Of this total, USD 8.6 trillion remains untapped, reflecting an unexplored continent where fragmented geological data, uneven survey coverage, and limited transparency still drive risk perception and constrain investment. The report argues that improving the availability and quality of geological data is a necessary first step to reducing project risk and freeing up exploration capital.
The study also highlights that the value of mine sites significantly underestimates Africa’s true potential, as it fails to capture the much greater value created when minerals are processed into steel, aluminium, fertilizers, batteries and alloys. Measured at the point of industrial use, Africa’s mineral resources will expand by an order of magnitude, revealing considerable potential value.
Launched at the Mining Indaba in Cape Town, the Africa Strategic Minerals Compendium reframes the sector through an African development perspective, placing industrialization, infrastructure and long-term regional needs at the heart of minerals strategy.
“Today, AFC is proud to launch the Africa Strategic Minerals Compendium, an initiative that reframes the sector through an African perspective and transforms endowments into implementation channels for our collective prosperity,” said Samaira Zubair, AFC President and CEO. “This compendium maps the complete value chain, linking reserves and production to processing capacity, power and transport infrastructure, and regional industrial corridors. This increases data transparency and reduces exploration risk, lowers capital costs and leads to smarter mining investments that enable the infrastructure needed for mining and integrated regional value chains.”
Mineral development based on African demand
The compendium notes that mineral production, infrastructure development and demand are rarely located in the same place or coincide on a large scale, and calls for strong regional planning based on the foundations of Africa’s long-term needs.
The steel value chain illustrates this misalignment. Africa has some of the world’s largest reserves of ferroalloys such as manganese, chromium, and nickel, and the supply of iron ore is entering a new growth cycle. However, these supply chains remain commercially tied to the Asian steel cycle rather than Africa’s own development trajectory.
We see that this exposure has economic costs and is still ongoing. A slowdown in Asian steel demand linked to China’s real estate slump and construction slump is sending shockwaves through Africa’s minerals market. In the Democratic Republic of Congo, production quotas have been imposed on cobalt to manage oversupply and price collapse. South Africa’s primary steel manufacturing capacity has been suspended due to weak domestic demand, high costs and fragmented supply.

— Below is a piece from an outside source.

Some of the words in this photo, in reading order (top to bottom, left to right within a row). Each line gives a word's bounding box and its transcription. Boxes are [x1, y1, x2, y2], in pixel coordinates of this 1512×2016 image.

In Gabon, major manganese operations are regularly halting production in response to demand for soft alloys from Asia.
These gains come even as Africa continues to expand its transportation networks, power systems, housing, and industrial capacity that require these materials. The constraint is not a lack of demand, but a lack of demand lock-in, or the inability to align mineral production, processing capacity and infrastructure investment around Africa’s long-term material needs.

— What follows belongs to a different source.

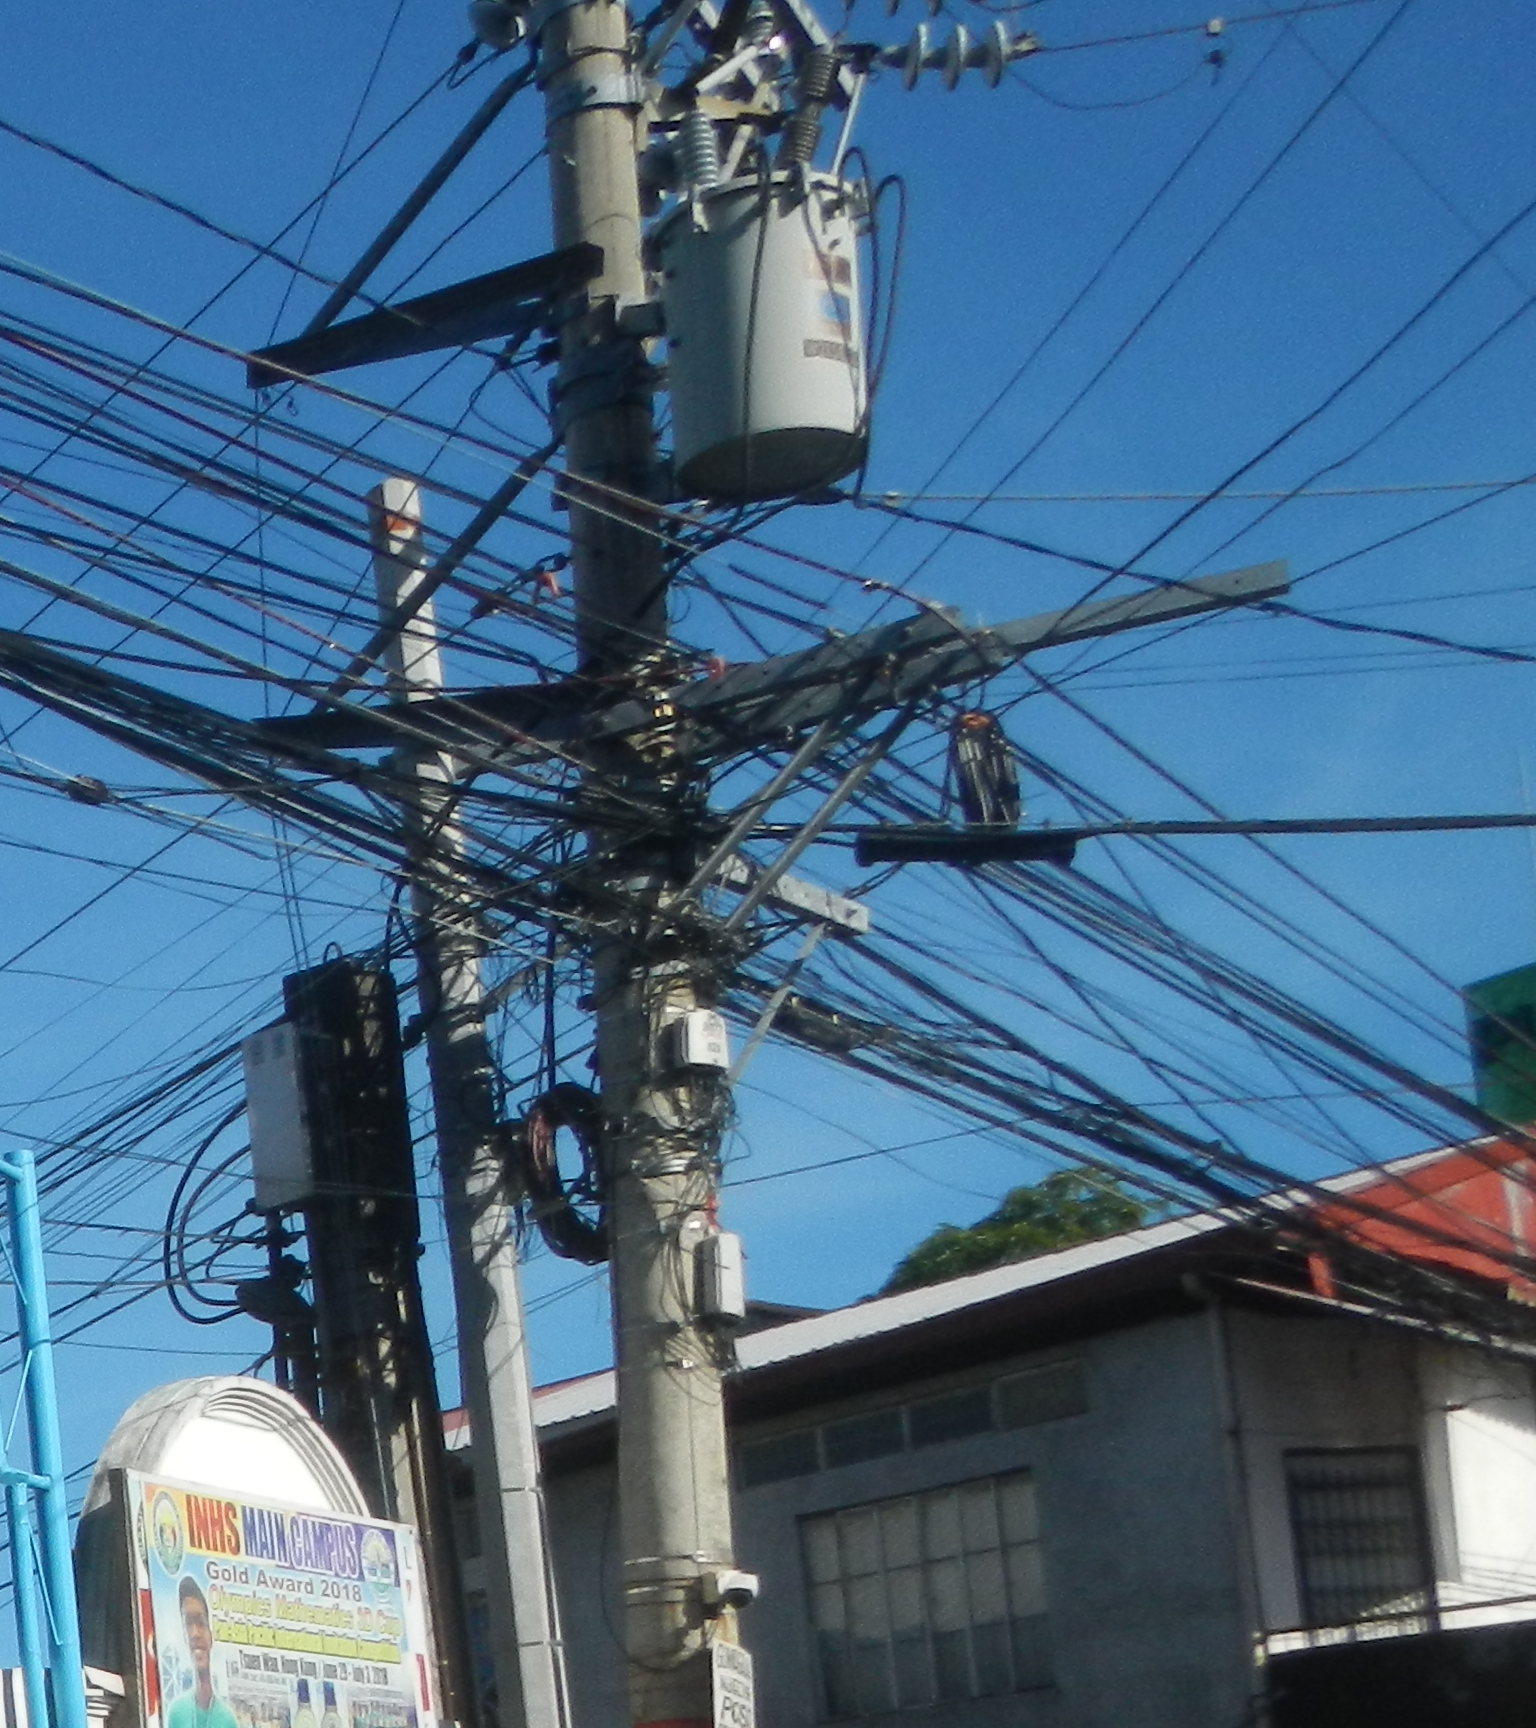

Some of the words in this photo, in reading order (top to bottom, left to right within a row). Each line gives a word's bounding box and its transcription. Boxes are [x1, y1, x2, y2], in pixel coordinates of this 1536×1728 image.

Infrastructure connecting minerals, processing and demand
The compendium places infrastructure at the heart of minerals strategy, not as a passive enabler, but as a system that connects raw materials, processing capacity and demand. Electricity costs and reliability, transport connections, and access to industrial sites will ultimately determine whether benefits are possible.
To this end, the report maps mineral deposits and production assets along railways, ports, power generation hubs and power grids to identify where regional value chains can realistically be developed. Targeted interventions are called for in shared rail corridors and cross-border power transmission, especially in mineral-rich regions where coordinated infrastructure can scale up, reduce delivery costs, and support regional industrial platforms.
Infrastructure is also central to Africa’s competitiveness in a world of green industrialization. Clean electricity, efficient logistics, and integrated corridors like Lobito can reduce carbon intensity and improve access to markets where low-carbon, traceable supply chains are increasingly sought after.
African minerals in a fragmented global economy
This compendium situates Africa’s minerals strategy within a rapidly changing geoeconomic landscape shaped by trade tensions, export controls, industrial policy, and efforts to reduce concentration risks. These changes are increasing the strategic relevance of Africa’s mineral resources, but only if the continent can provide reliable, value-added alternatives.
Rather than positioning Africa as a marginal supplier of raw materials, the report argues for selective integration into strategically exposed segments of global supply chains, where diversification would greatly enhance resilience, particularly for minerals with highly concentrated processing markets. These include manganese, rare earths, graphite and uranium, important alloying raw materials for defense, aerospace and clean energy technologies.